Direi semplicemente che se vuoi capire l’America e hai a disposizione solo un colpo, prendi Nebraska e trovi tutto quello che c’è da capire: il conflitto, le armi da fuoco, la provincia… Certo, sono importanti Tupac e Biggie, per esempio, ma se ascolti Nebraska sei abbastanza avanti su un sacco di cose.
Quest’anno era previsto un appuntamento molto importante per te, cioè San Siro. Le date sono ora rimandate a luglio 2021. Cosa rappresenta per te “quel palco”?

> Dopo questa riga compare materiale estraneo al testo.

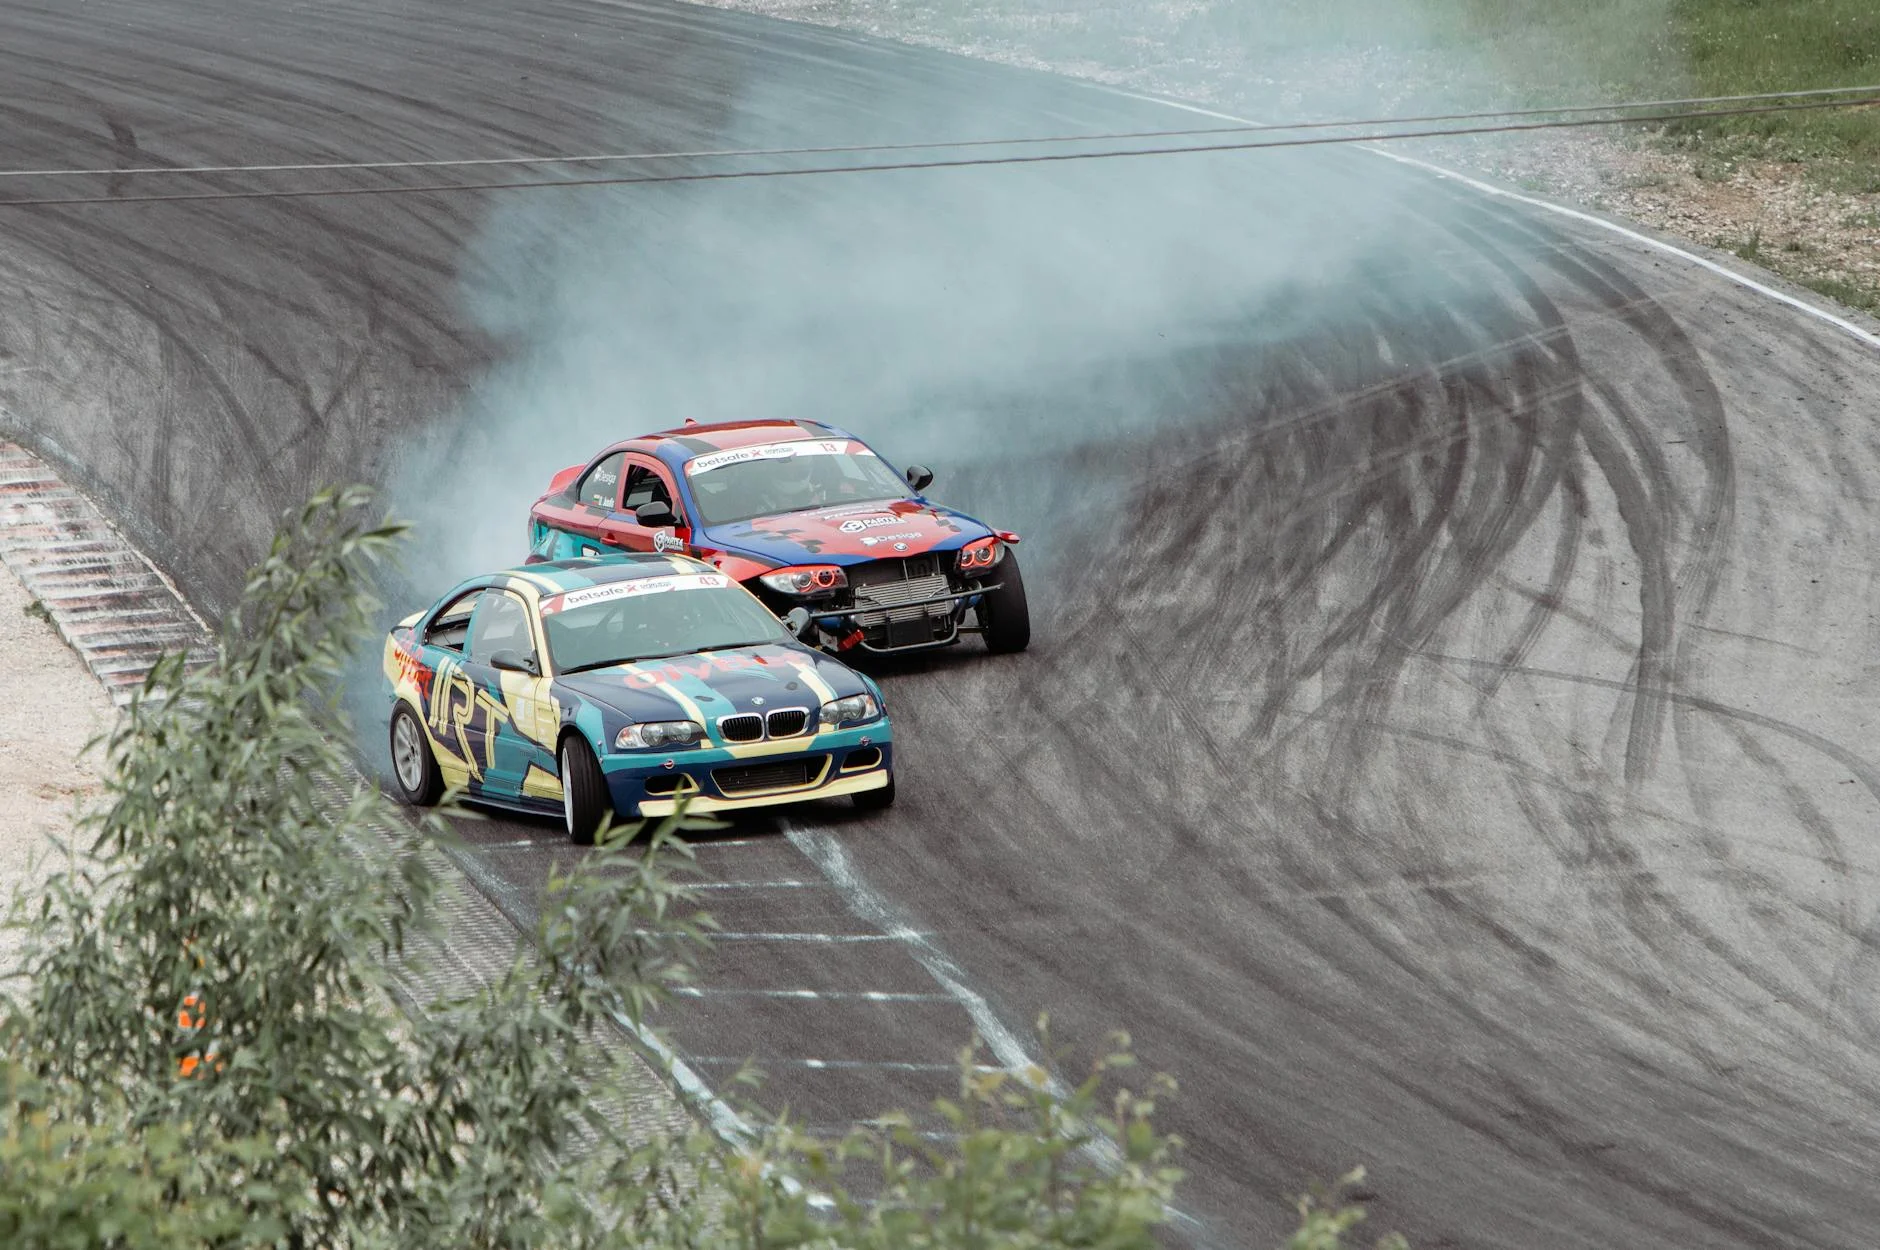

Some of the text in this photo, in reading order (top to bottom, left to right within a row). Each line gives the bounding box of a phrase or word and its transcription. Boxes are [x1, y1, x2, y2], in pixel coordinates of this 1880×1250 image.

Per me quel palco rappresenta un insieme di suggestioni: tutti i concerti che ho visto, l’idea della musica in grande, anche certamente la cattedrale del calcio. Ricordo che tramite il padre di Mauro Repetto avevamo due biglietti per la partita inaugurale di Italia ’90, Argentina-Camerun. Eravamo tutti camerunensi quel giorno. Per me è il concerto di Springsteen nell’85, dove non riuscii a entrare ma che sentii dal parcheggio. È una suggestione che va anche al di là della musica: è uno dei motivi per cui uno inizia a fare questo lavoro. Durante il lockdown, Lodo Guenzi disse: “Max Pezzali che annuncia due date a San Siro e contemporaneamente scoppia una pandemia globale è la perfetta rappresentazione della poetica della sfiga degli 883”.